TASK TO COMPLETE —
Everything except the pictures should be printed exactly as it appears in the records.

PROVIDED ENTRIES —
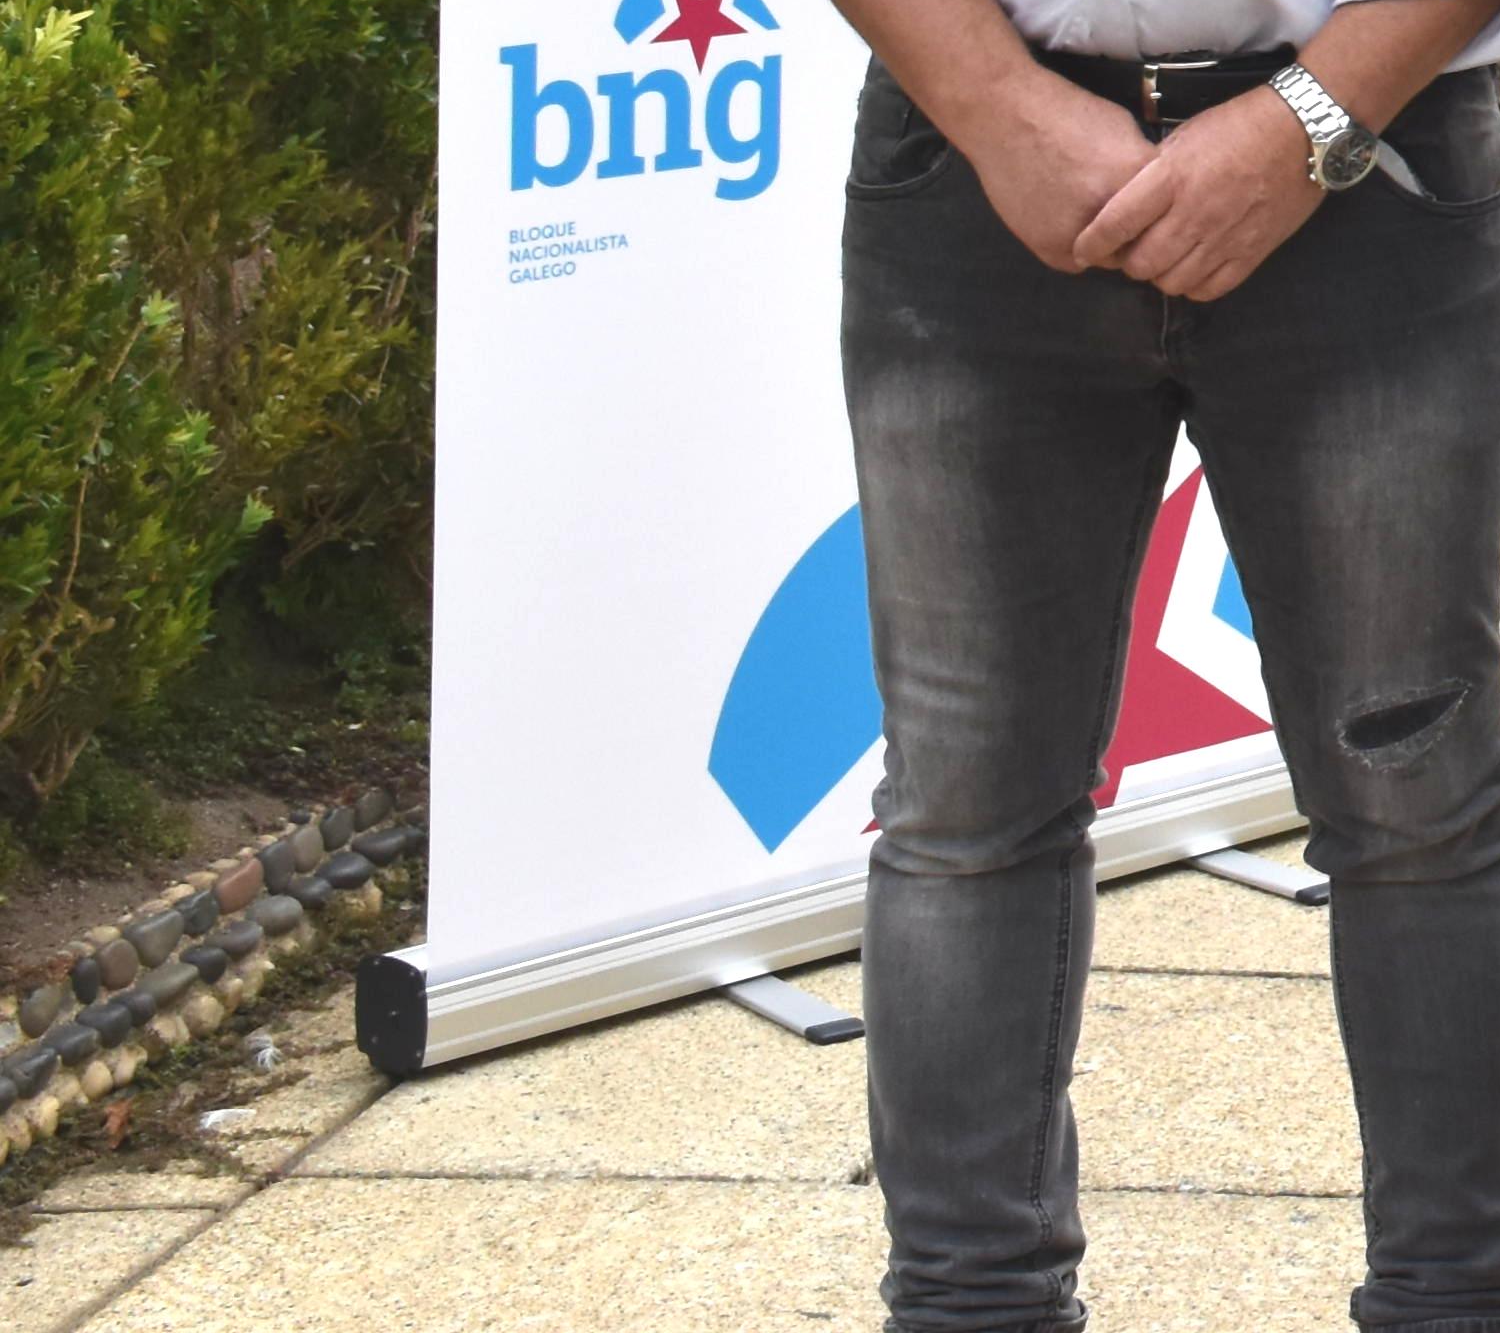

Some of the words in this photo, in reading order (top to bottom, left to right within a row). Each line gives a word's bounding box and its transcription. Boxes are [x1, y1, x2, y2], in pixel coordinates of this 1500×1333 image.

[498, 43, 783, 202] bng
[509, 221, 577, 244] BLOQUE
[509, 234, 629, 264] NACIONALISTA
[510, 261, 577, 284] GALEGO

EXERCISE RESULT —
Some of the words in this photo, in reading order (top to bottom, left to right within a row). Each line gives a word's bounding box and its transcription. Boxes are [x1, y1, x2, y2], in pixel coordinates of this 1500×1333 image.

[498, 43, 783, 202] bng
[509, 221, 577, 244] BLOQUE
[509, 234, 629, 264] NACIONALISTA
[510, 261, 577, 284] GALEGO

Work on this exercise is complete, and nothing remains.